Ao longo dos séculos seguintes, inúmeros pintores foram sensíveis ao tema, também abordado no século XX por artistas como Salvador Dali (“O Sacramento da Última Ceia”, 1955), Andy Warhol (série “The Last Supper”, 1986), Francine LeClercq ("Mise en S(cène)", Instalação, 2007) ou Devorah Sperber (Instalação, 2007). O próprio Museu de Évora, que alberga a instalação, inclui no seu acervo duas pinturas da última ceia, uma da autoria do Mestre do Retábulo da Sé e outra do pintor flamengo Martin de Vos (Antuérpia, 1532-1603).

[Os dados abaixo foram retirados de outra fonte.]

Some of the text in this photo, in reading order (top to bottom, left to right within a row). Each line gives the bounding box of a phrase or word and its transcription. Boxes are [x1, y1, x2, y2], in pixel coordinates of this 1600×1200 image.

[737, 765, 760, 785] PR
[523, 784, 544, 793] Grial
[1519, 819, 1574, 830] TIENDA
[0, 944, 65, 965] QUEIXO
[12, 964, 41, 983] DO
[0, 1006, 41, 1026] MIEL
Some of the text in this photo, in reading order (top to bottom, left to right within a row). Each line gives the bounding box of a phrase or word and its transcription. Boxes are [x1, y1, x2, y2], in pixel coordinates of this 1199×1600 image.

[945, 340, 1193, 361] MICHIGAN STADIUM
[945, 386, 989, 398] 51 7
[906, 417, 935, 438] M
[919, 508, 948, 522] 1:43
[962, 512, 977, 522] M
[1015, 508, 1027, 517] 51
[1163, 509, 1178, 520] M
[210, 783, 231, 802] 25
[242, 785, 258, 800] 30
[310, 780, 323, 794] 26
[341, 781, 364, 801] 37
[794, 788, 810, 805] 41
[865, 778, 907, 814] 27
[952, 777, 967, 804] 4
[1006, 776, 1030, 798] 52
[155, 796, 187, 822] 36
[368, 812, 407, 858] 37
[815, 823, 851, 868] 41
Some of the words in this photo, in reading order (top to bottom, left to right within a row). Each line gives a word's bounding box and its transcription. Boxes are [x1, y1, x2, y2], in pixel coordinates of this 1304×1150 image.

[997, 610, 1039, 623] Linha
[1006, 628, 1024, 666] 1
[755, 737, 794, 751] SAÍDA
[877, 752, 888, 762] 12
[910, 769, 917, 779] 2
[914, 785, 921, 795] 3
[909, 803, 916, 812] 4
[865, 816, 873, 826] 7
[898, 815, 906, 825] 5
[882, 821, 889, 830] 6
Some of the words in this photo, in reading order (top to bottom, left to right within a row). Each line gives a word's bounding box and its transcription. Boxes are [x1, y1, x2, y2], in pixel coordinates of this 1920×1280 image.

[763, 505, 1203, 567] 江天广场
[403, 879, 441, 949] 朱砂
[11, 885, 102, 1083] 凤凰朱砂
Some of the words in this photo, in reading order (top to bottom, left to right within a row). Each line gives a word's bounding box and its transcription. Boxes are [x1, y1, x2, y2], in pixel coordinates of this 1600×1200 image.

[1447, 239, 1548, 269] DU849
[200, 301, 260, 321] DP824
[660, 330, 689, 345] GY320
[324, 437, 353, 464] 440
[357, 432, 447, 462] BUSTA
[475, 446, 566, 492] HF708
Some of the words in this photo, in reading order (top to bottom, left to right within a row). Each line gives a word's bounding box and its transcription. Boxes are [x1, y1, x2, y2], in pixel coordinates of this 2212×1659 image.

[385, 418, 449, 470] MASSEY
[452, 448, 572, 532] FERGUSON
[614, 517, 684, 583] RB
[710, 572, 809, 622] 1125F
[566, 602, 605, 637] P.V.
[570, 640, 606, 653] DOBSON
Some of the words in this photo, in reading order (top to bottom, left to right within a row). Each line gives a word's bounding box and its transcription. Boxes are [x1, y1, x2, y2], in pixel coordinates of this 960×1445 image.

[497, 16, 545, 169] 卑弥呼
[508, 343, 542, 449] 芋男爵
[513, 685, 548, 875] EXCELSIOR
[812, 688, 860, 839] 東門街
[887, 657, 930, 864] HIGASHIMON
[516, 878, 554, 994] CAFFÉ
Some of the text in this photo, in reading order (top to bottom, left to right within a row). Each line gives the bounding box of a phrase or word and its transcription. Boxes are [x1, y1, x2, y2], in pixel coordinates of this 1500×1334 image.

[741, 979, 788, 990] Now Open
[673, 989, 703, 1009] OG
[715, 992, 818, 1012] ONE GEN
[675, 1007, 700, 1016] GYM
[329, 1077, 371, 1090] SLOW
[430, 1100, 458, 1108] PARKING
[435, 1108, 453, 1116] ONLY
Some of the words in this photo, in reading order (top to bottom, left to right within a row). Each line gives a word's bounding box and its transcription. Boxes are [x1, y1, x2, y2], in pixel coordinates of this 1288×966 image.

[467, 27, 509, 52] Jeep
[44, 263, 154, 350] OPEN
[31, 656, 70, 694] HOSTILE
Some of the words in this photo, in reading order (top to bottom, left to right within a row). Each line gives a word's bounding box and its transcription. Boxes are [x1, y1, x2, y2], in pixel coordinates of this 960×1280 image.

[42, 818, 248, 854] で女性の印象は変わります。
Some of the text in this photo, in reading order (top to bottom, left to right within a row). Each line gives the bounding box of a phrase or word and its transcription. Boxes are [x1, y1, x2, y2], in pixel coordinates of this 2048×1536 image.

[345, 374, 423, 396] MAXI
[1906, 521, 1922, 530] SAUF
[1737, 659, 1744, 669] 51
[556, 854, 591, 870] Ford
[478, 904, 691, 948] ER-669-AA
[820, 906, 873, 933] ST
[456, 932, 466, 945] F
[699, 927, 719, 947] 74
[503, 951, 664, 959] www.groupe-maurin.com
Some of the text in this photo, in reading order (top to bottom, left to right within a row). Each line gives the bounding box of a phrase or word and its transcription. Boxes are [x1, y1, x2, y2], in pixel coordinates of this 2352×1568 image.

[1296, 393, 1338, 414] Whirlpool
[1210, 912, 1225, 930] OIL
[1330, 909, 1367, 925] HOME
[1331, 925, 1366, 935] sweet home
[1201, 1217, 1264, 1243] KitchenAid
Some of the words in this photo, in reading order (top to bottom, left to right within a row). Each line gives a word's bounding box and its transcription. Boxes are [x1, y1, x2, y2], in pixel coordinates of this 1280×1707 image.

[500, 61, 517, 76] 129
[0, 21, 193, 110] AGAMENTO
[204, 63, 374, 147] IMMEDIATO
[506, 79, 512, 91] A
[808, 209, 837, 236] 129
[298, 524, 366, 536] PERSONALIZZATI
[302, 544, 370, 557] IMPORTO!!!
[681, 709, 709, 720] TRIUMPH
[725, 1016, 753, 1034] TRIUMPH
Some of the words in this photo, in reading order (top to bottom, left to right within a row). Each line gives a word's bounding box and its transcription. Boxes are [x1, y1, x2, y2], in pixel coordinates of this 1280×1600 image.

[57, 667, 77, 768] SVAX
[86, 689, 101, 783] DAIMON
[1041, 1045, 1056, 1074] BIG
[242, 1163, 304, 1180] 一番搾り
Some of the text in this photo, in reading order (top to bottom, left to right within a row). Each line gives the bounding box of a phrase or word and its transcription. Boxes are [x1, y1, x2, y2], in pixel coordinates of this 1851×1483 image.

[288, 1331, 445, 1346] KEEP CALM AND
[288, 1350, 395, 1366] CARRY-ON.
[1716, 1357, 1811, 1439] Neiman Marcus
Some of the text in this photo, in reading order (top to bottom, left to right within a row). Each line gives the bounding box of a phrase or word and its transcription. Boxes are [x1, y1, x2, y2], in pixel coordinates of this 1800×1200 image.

Há últimas ceias desenhadas, gravadas, impressas, esculpidas, modeladas, colagens, assemblagem de objectos inusitados, e até construídas em Lego, sendo igualmente um tema recorrente da arte popular dos mais diversos países e culturas tocadas pelo cristianismo. Finalmente, a fotografia agarrou o tema e recriou-o com a liberdade possível em contextos modernos, impulsionada pela publicidade e abençoada pelos media. Não é por acaso que imagens relacionáveis com este tema serviram para promover filmes e séries televisivas como "M.A.S.H." (Robert Altman, 1970), “Battlestar Galactica” (2003), “Star Wars”, “House” (2004), “Shameless” (2004), “Asao” (Hong Kong, 2005), “The Sopranos” (uma belíssima foto de Annie Liebovitz), “The Simpsons”, “Lost” (última temporada, 2010).


Doménikos Theotokópoulos, El Greco, “A Última Ceia”, 1567-1570

Na pintura, a minha última ceia preferida é a de El Greco (1541–1614), obra pintada entre 1567 e 1570. No quadro, tudo parece pairar, com uma estranha leveza e dinâmica, desde a mesa da ceia às figuras esvoaçantes. A lembrar que a pintura de El Grego não se enquadra em qualquer estilo artístico do seu tempo.

Para além da unidade e equilíbrio da composição e encenação bem sugestiva, as fotografias de Jorge de Sousa e de Marco López estão recheadas de pormenores bem contextualizados: o estilo “urbano” de Jorge de Sousa em contraste com uma ceia tipicamente argentina.

O fotógrafo português procura fixar, sem qualquer fotomontagem, “imagens que se comportam como máquinas do tempo, construídas a partir de elementos contemporâneos, para viagens a um passado por vezes muito mais distante do que a minha própria existência”. O argentino, pelo seu lado, não quis fotografar a “refeição da tristeza, suspeição e ira que caracteriza a obra-prima italiana, mas sim a refeição do encontro da comunidade, da hospitalidade e da amizade”. “Tento que o meu trabalho tenha a dor e o despojamento da América mestiça" (2).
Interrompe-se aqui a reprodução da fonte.